Step 3: Examining the Fuel

Once detached, empty the Filter contents into a transparent container and examine it for water, particles, and other impurities. Please leave it to settle down as you unpack the new filter.

Step 4: Preparing the New Filter

Unpack the new fuel-water separator filter and examine it to check that all its components are in place.

Before installing it, make sure to put some clean fuel into it. It should be done to near full. It eliminates the possibility of air being trapped inside it, interfering with smooth fuel flow into the engine.

Filling of the Filter can be done in two ways:

  • Get clean fuel from a container and pour it into the filter. As already mentioned, it should get near the brim.
  • Using the primer in the fuel lines.

Step 5: Attaching the New Filter

Place the new filter in place and tighten it by subjecting it to clockwise moves. When you feel it can no longer move, grab a rag around it and place the wrench on top of it.

Give it a quarter of a turn. Appropriate tightening ensures no air is sucked in and makes replacing it next time.

Note: If the filter was not filled before attaching it, this is the time to do it using the second method above.

Now disconnect the motor side of the fuel hose. To do this, unfasten the jubilee clips around the hose using the flathead screwdriver and pull it off. Then, press the primer bulb as you place it and remove your thumb on top of it rhythmically.

This is done to generate a suction force that will pull the fuel from the tank and into the filter. You should be able to hear the fuel dropping into the filter as you press the primer.

Reconnect the hose and tighten the jubilee clips.

Step 6: Final Checks and Testing the Engine

Use the rag to wipe off any fuel spilled underneath the filter and on the filter itself. Examine to make sure everything has been fixed correctly, and no leakages are visible. Turn on the engine and watch for any further leakage.

Please take out the boat and test it on a short stretch at high speed. If no issues are noticed, the fuel-water separator has been changed successfully.

The old filter’s fuel can be discarded or reused depending on its quality.

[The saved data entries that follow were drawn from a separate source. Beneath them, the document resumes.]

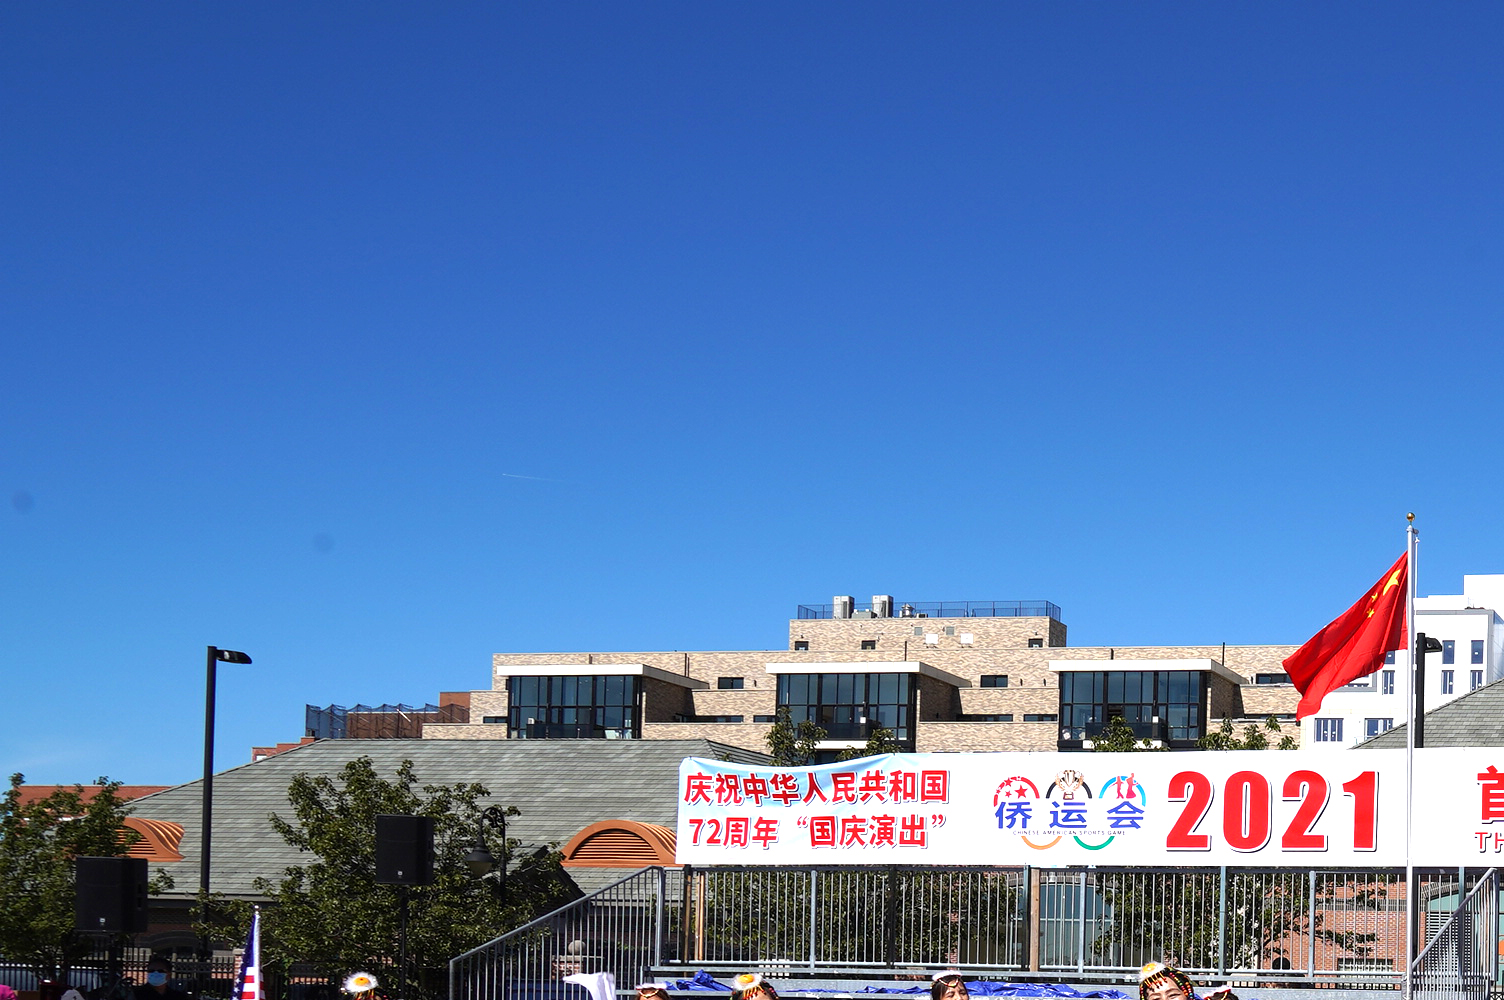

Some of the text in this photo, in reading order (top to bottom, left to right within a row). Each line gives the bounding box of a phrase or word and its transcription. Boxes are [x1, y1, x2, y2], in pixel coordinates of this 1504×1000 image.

[684, 769, 949, 806] 庆祝中华人民共和国
[994, 800, 1145, 830] 侨运会
[1166, 769, 1378, 852] 2021
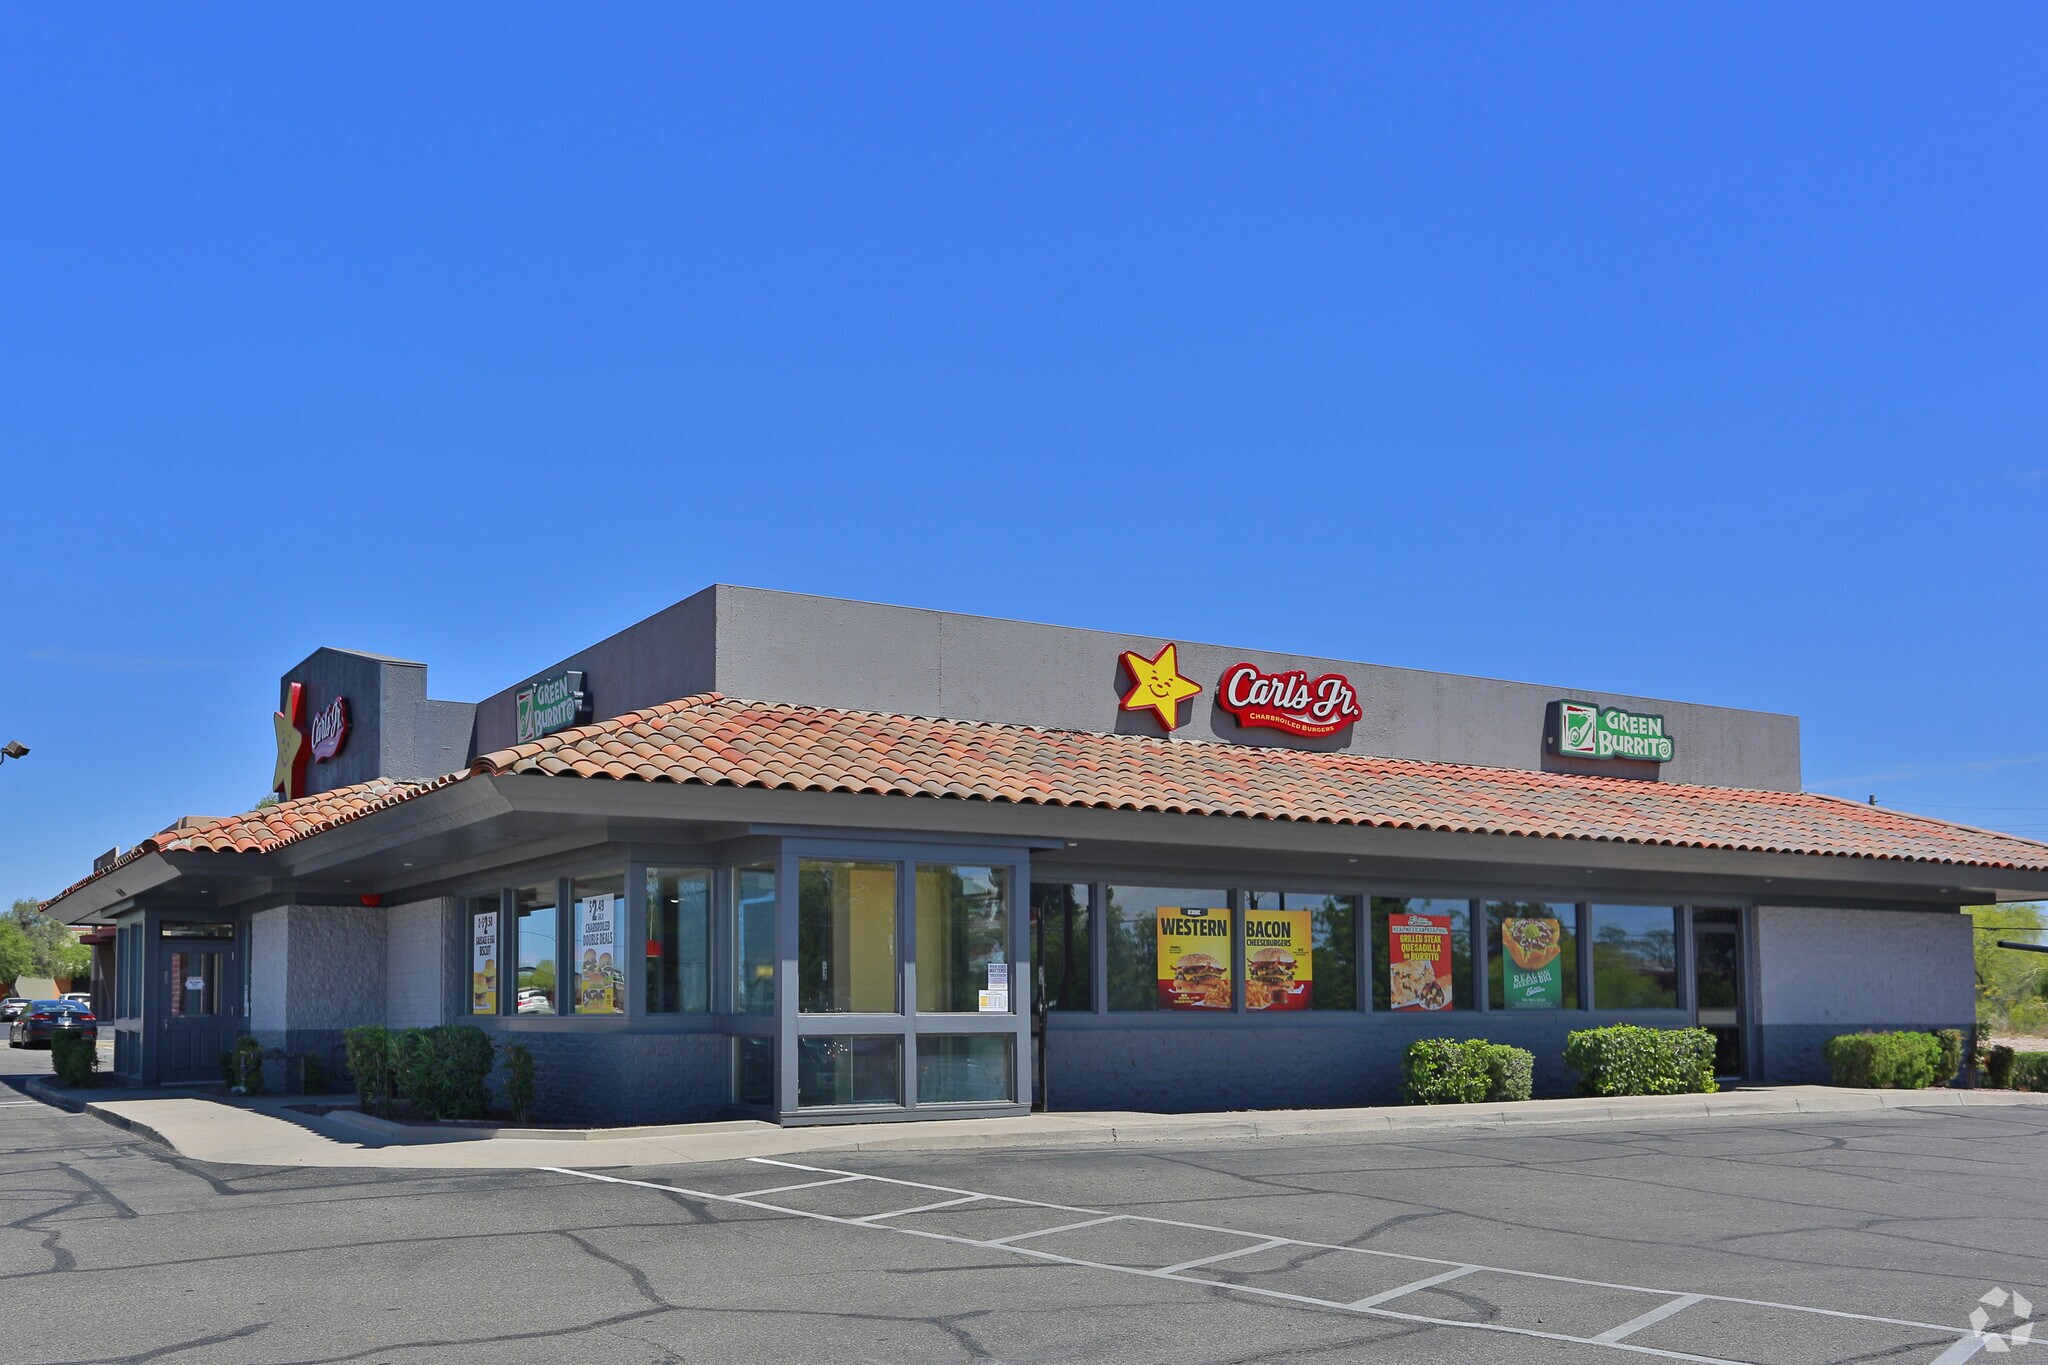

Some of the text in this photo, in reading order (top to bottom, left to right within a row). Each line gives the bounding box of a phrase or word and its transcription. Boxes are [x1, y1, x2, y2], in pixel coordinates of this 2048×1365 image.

[537, 676, 568, 706] GREEN
[1228, 668, 1359, 717] Carl's Jr.
[534, 697, 575, 737] BURRITO
[1249, 712, 1335, 733] CHARBROILED BURGERS
[1605, 711, 1662, 736] GREEN
[312, 716, 332, 749] Carl's
[1598, 730, 1672, 758] BURRITO
[1161, 918, 1228, 937] WESTERN
[1246, 921, 1291, 938] BACON
[583, 932, 613, 946] DOUBLE DEALS
[1246, 939, 1292, 947] CHEESEBURGERS
[1400, 934, 1441, 943] GRILLED STEAK
[1401, 943, 1441, 953] QUESADILLA
[1410, 953, 1440, 961] BURRITO

Symptoms of a Bad Fuel Water Separator for Boat

Here are common symptoms associated with a badly clogged or damaged fuel water separator for a boat;

Engine Sputtering

A faulty fuel water separator causes the boat engine to sputter during motion. This can be a result of the engine not receiving enough fuel.

If you notice any engine sputtering in your boat, it might be due to problems associated with the water separator.

The dysfunctionality of the Engine

The engine sputters when the boat carries heavy loads. This, in turn, overworks the water separator causing it to clog and limit fuel supply to the engine.

Ultimately, the engine loses its efficiency, and its performance declines.

An Abrupt Rise in Temperature of the Engine

You might suddenly notice an abnormal increase in the temperature of your engine.

Understandably, an increase in your engine’s temperature could be caused by a variety of difficulties.

Some of which can be due to a faulty water separator, the engine being overworked, or overheating, to mention a few. You must take your boat to a repair shop for proper check-ups and repair.

Other symptoms include frequent idling and sputtering, solid odors, decreased speed and fuel efficiency, hard starting, and engine stalling.

In some cases, you may also notice random misfire and excess exhaust emissions, or even a damaged fuel pump.


Ultimately, any motor vessel depends entirely on fuel to run. Thus, impurities or contaminants like water in the fuel impede an engine’s life span and performance.

Therefore, to keep your energy clean and pure, you have to periodically replace the filters, even when they appear in good form.